Preparo le crepes alla cannella e marmellata ai frutti di bosco, il latte macchiato tiepido.
Mentre le crepes cuociono, torno in bagno a vestirmi di tutto punto.
Mangio guardando il telefilm.
Torno in bagno per lavare i denti ed il fondamentale make-up. Purtroppo o per fortuna, lavorare nel settore moda non permette di essere sul posto di lavoro “sciatta”. Mi sento spesso “tacchettina”, vi ricordate le subordinate di Miranda Preston ne Il Diavolo Veste Prada? Solo che il mio veste Max Mara.

Pronta per sgommare, abbattere la barriera del suono in autostrada, arrivare in sede sperando di arrivare nei 3 minuti chiave per trovare parcheggio vicino all’entrata: 8.28 – 8.31.
Percorrere velocemente il corridoio che porta al tuo ufficio, sperare che la tua capa non sia arrivata prima di te per non rischiare occhiate o frecciate che lasciano poco all’immaginazione.

Si lavora e lo si fa in un open space di 20 persone: “di cazzate nell’arco della giornata ne sentirai parecchie” mi aveva detto una mia collega appena arrivata qui. Si fanno pause caffè quando possibile, quando non si è in riunione o sotto torchio. La pausa caffè ha un meccanismo strano. Esistono le “amiche da pausa caffè”, i gruppetti fedeli, coi loro orari e le loro abitudini. Io faccio parte di un gruppetto “stimmy” (non poteva essere diversamente, ogni gruppetto deve avere argomenti in comune su cui parlare), formato da giovani donne (26, 27, 29, 30, 32, ) che hanno deciso, volontariamente o seguendo simpatie dettate dal subconscio, di condividere pensieri durante 10 minuti a metà mattina e durante 10 minuti a metà pomeriggio.

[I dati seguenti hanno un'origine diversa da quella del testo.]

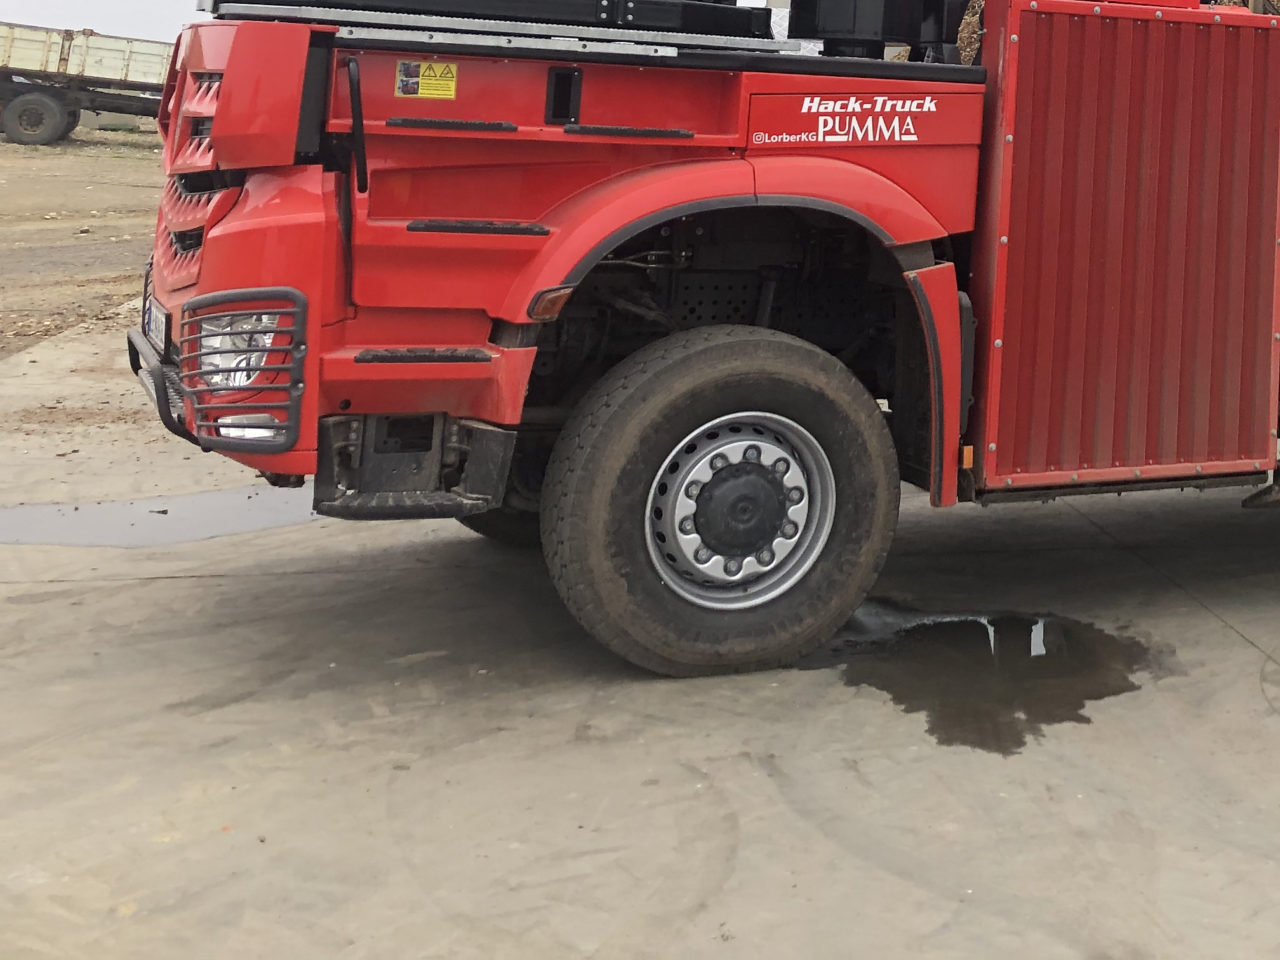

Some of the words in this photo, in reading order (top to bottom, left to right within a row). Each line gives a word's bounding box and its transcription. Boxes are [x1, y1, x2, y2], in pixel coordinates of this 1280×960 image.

[801, 96, 938, 113] Hack-Truck
[817, 115, 919, 142] PUMMA
[764, 132, 817, 143] LorberKG
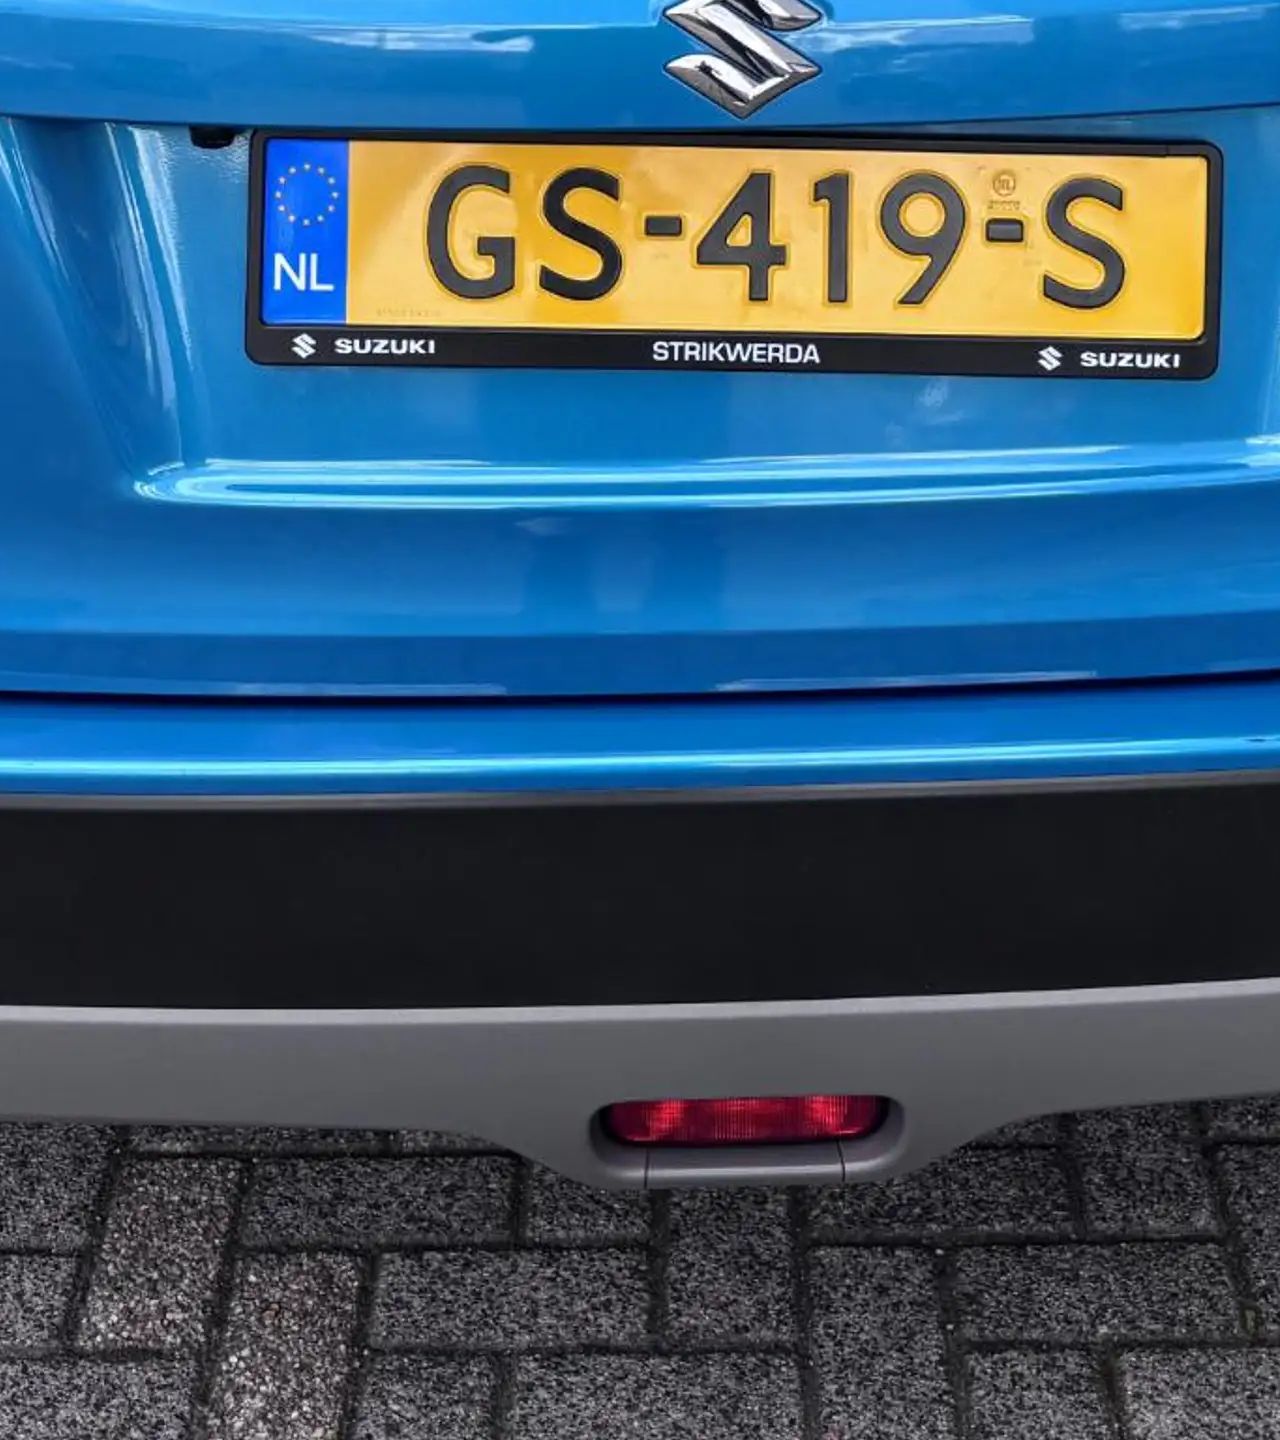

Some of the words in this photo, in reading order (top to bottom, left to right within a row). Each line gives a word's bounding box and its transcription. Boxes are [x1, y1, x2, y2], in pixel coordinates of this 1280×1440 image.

[426, 165, 1125, 309] GS-419-S
[273, 252, 335, 292] NL
[334, 338, 436, 355] SUZUKI
[652, 340, 821, 364] STRIKWERDA
[1080, 351, 1181, 369] SUZUKI
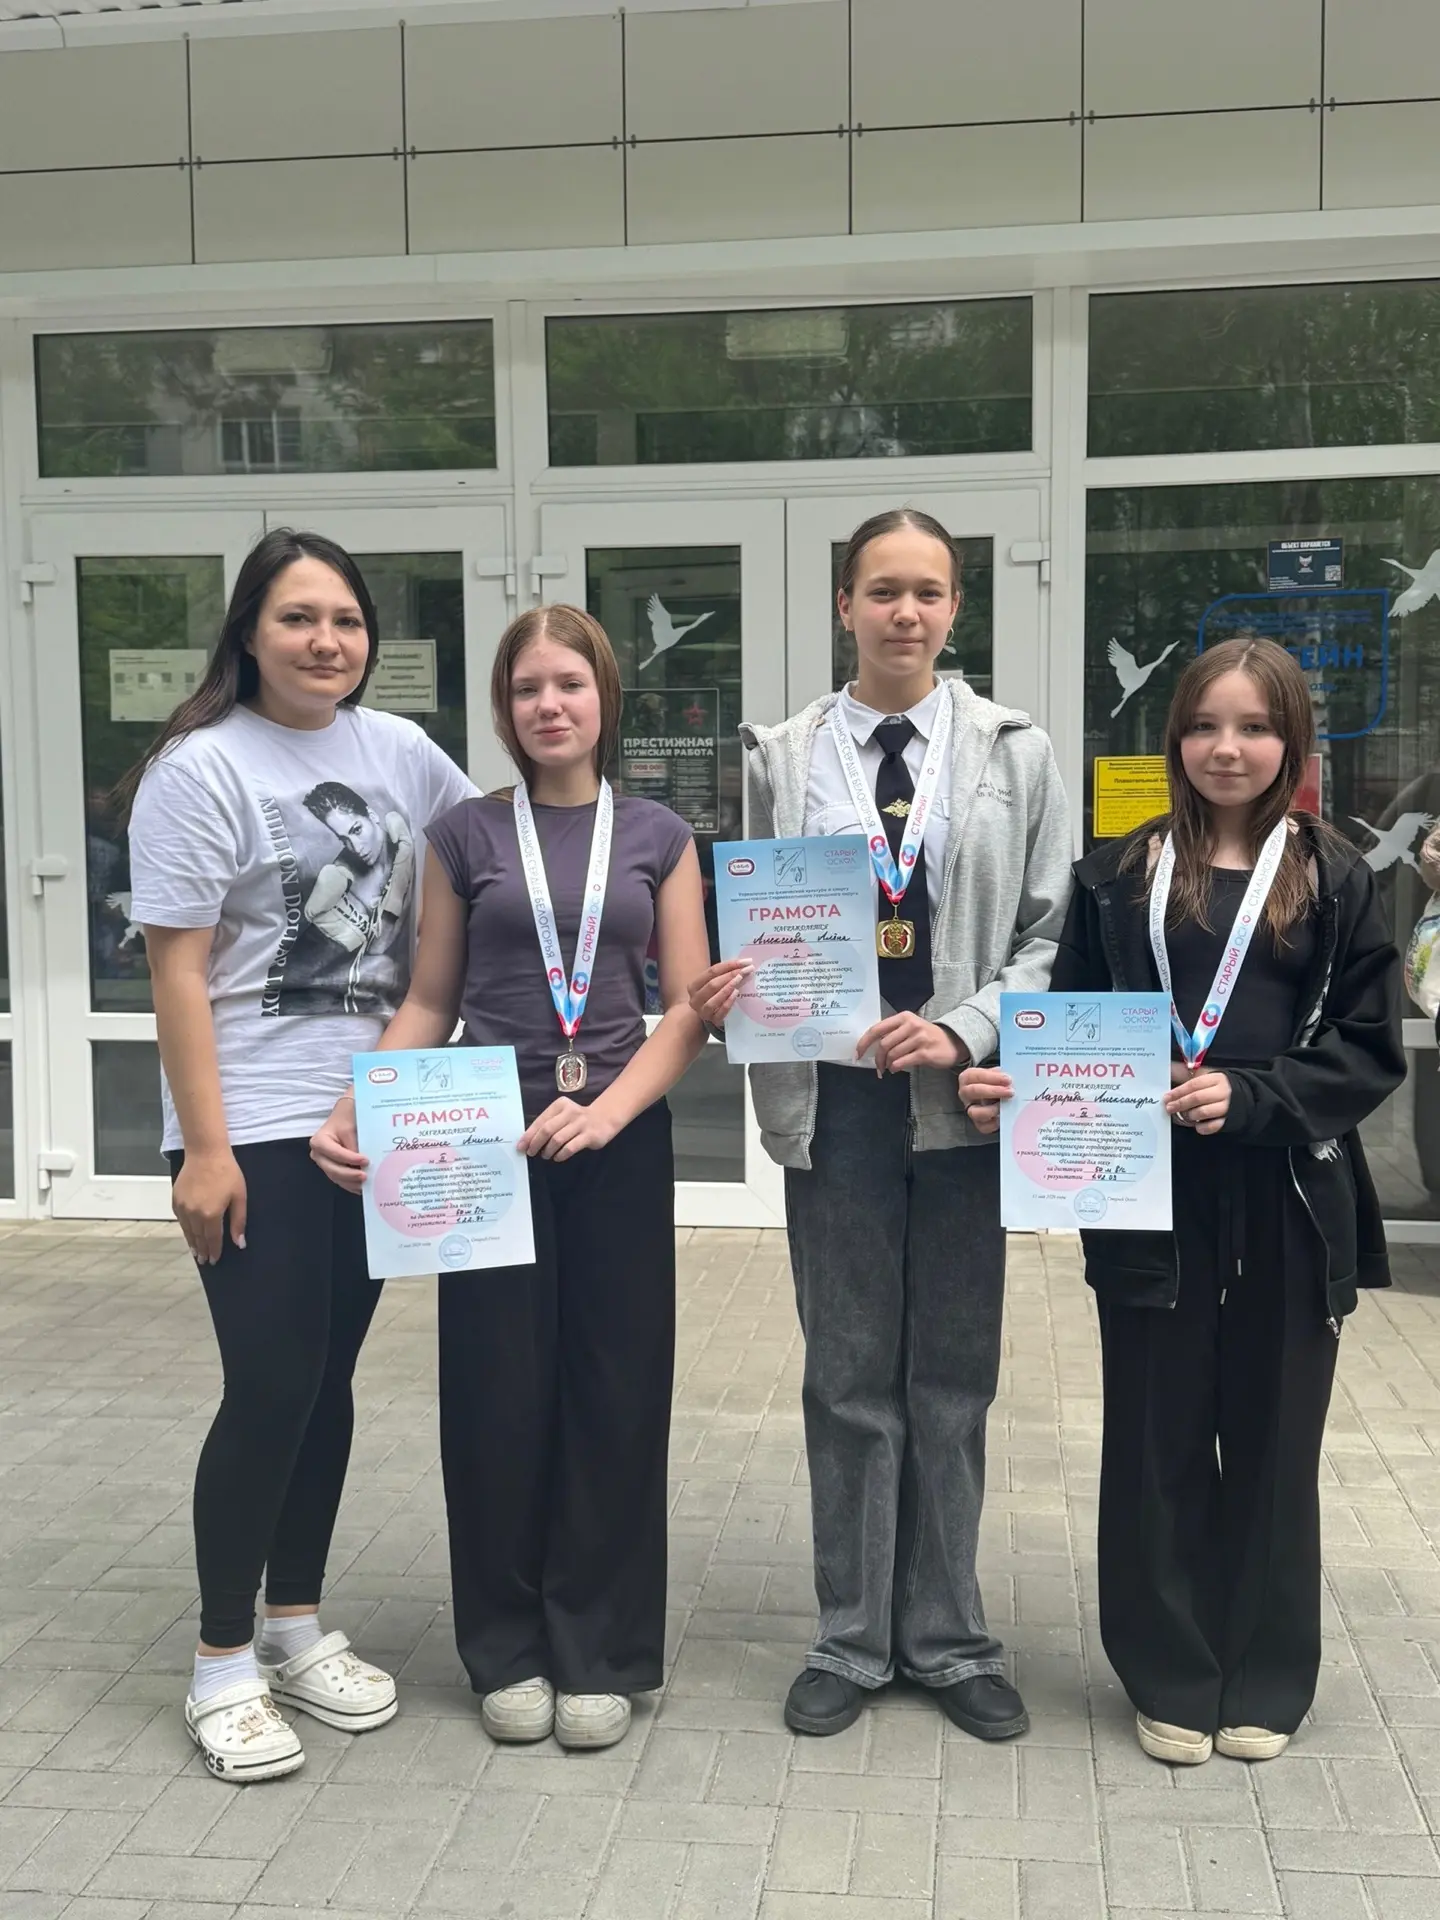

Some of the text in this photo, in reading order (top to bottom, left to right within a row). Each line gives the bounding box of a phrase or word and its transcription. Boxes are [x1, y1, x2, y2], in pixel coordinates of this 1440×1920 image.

[623, 737, 714, 748] ПРЕСТИЖНАЯ
[624, 748, 714, 757] МУЖСКАЯ РАБОТА
[851, 775, 876, 828] БЕЛОГОРЬЯ
[911, 795, 928, 836] СТАРЫЙ
[824, 849, 858, 858] СТАРЫЙ
[827, 857, 857, 866] ОСКОЛ
[518, 813, 534, 860] СТАЛЬНОЕ
[534, 895, 556, 959] БЕЛОГОРЬЯ
[259, 796, 302, 1016] MILLION DOLLAR LDY
[749, 903, 841, 922] ГРАМОТА
[773, 924, 830, 932] НАГРАЖДАЕТСЯ
[581, 916, 597, 963] СТАРЫЙ
[1217, 948, 1240, 995] СТАРЫЙ
[1121, 1007, 1159, 1015] СТАРЫЙ
[1124, 1016, 1156, 1024] ОСКОЛ
[1035, 1063, 1135, 1078] ГРАМОТА
[1061, 1083, 1121, 1091] НАГРАЖДАЕТСЯ
[1094, 1091, 1160, 1108] Александра
[392, 1107, 489, 1127] ГРАМОТА

Stamattina abbiamo affrontato il tema: “ma i capi che trovate ammassati in fondo al guardaroba, dismessi e fuori moda, vanno buttati o rivenduti?”, la Romy ha sentenziato “no ragazze, si fa del bene alle persone, bisogna fare un sacco e regalarli, soprattutto se sono di marca, fanno felici altre ragazze…”. Oggi pomeriggio abbiamo affrontato il tema: “non riesco ad uscire di casa ed a non comprarmi niente, ma ora mi devo dare una regolata, sono piena di vestiti che non metto”.
Probabilmente la chiacchierata di stamattina aveva permesso di conteggiare mentalmente i capi dismessi in fondo all’armadio ed il perché di tanto spreco. Ogni tanto i discorsi vani e superficiali aiutano, in tante valutazione pian piano più intelligenti.
Le pause pranzo sola o in compagnia non forzata (i colleghi non si scelgono e ogni tanto è bene farsi vedere in mensa e sfruttare le convenzioni aziendali) sono la boccata d’ossigeno di metà giornata.

“E’ le sei” non sempre ci appartiene: l’unica certezza è sapere quando si arriva, non quando si esce.
I desideri a fine giornata, una volta “libera”, sono sempre tanti: mettermi in moto, fisicamente, correre, ballare; rilassarmi durante un aperitivo e cena con persone a me care; guardare dopo cena Un Posto al Sole su raitre piangendo o sghignazzando; leggere o scrivere… troppo poca la mia forza di volontà e troppa la pigrizia da stanchezza. Devo migliorare. Devo almeno potermi mettere lo smalto davanti alla tv prima di crollare.

Non posso avere solo due certezze in una giornata-tipo: arrivare al lavoro in orario ed addormentarmi immediatamente dopo aver toccato il letto.